(Dataset entries)
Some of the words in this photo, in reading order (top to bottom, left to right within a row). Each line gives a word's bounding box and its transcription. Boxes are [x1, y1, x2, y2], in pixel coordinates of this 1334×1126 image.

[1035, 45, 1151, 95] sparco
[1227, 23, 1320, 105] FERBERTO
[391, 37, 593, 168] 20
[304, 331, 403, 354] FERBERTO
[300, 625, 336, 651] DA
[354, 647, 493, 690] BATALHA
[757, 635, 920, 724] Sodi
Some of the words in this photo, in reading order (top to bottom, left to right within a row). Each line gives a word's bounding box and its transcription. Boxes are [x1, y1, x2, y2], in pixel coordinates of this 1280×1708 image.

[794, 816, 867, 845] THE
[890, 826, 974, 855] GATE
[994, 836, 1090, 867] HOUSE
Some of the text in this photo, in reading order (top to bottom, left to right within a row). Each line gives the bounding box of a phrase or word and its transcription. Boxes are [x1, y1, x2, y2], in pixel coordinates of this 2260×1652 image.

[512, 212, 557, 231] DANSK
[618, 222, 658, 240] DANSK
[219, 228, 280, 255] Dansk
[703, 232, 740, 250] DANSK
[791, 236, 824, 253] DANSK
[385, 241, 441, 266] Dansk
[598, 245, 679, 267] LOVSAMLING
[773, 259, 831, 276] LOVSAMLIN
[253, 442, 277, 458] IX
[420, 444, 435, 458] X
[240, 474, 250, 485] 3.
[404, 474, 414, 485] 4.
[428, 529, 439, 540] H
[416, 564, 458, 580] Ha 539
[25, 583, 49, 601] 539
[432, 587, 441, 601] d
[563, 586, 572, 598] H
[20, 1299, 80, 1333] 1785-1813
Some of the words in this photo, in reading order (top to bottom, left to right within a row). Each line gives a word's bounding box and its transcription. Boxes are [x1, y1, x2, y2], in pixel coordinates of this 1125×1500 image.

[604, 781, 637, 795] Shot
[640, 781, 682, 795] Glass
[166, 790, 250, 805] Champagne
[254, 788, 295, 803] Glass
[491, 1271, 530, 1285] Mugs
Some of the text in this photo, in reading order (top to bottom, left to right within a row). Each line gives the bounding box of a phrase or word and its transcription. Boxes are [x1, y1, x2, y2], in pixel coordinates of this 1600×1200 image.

**Task details**
Write the entries out again verbatim, every one of them.

**Response area**
Some of the words in this photo, in reading order (top to bottom, left to right within a row). Each line gives a word's bounding box and its transcription. Boxes are [x1, y1, x2, y2], in pixel coordinates of this 1334×1126 image.

[1035, 45, 1151, 95] sparco
[1227, 23, 1320, 105] FERBERTO
[391, 37, 593, 168] 20
[304, 331, 403, 354] FERBERTO
[300, 625, 336, 651] DA
[354, 647, 493, 690] BATALHA
[757, 635, 920, 724] Sodi
Some of the words in this photo, in reading order (top to bottom, left to right within a row). Each line gives a word's bounding box and its transcription. Boxes are [x1, y1, x2, y2], in pixel coordinates of this 1280×1708 image.

[794, 816, 867, 845] THE
[890, 826, 974, 855] GATE
[994, 836, 1090, 867] HOUSE
Some of the text in this photo, in reading order (top to bottom, left to right within a row). Each line gives the bounding box of a phrase or word and its transcription. Boxes are [x1, y1, x2, y2], in pixel coordinates of this 2260×1652 image.

[512, 212, 557, 231] DANSK
[618, 222, 658, 240] DANSK
[219, 228, 280, 255] Dansk
[703, 232, 740, 250] DANSK
[791, 236, 824, 253] DANSK
[385, 241, 441, 266] Dansk
[598, 245, 679, 267] LOVSAMLING
[773, 259, 831, 276] LOVSAMLIN
[253, 442, 277, 458] IX
[420, 444, 435, 458] X
[240, 474, 250, 485] 3.
[404, 474, 414, 485] 4.
[428, 529, 439, 540] H
[416, 564, 458, 580] Ha 539
[25, 583, 49, 601] 539
[432, 587, 441, 601] d
[563, 586, 572, 598] H
[20, 1299, 80, 1333] 1785-1813
Some of the words in this photo, in reading order (top to bottom, left to right within a row). Each line gives a word's bounding box and its transcription. Boxes are [x1, y1, x2, y2], in pixel coordinates of this 1125×1500 image.

[604, 781, 637, 795] Shot
[640, 781, 682, 795] Glass
[166, 790, 250, 805] Champagne
[254, 788, 295, 803] Glass
[491, 1271, 530, 1285] Mugs
Some of the text in this photo, in reading order (top to bottom, left to right within a row). Each line gives the bounding box of a phrase or word and its transcription. Boxes are [x1, y1, x2, y2], in pixel coordinates of this 1600×1200 image.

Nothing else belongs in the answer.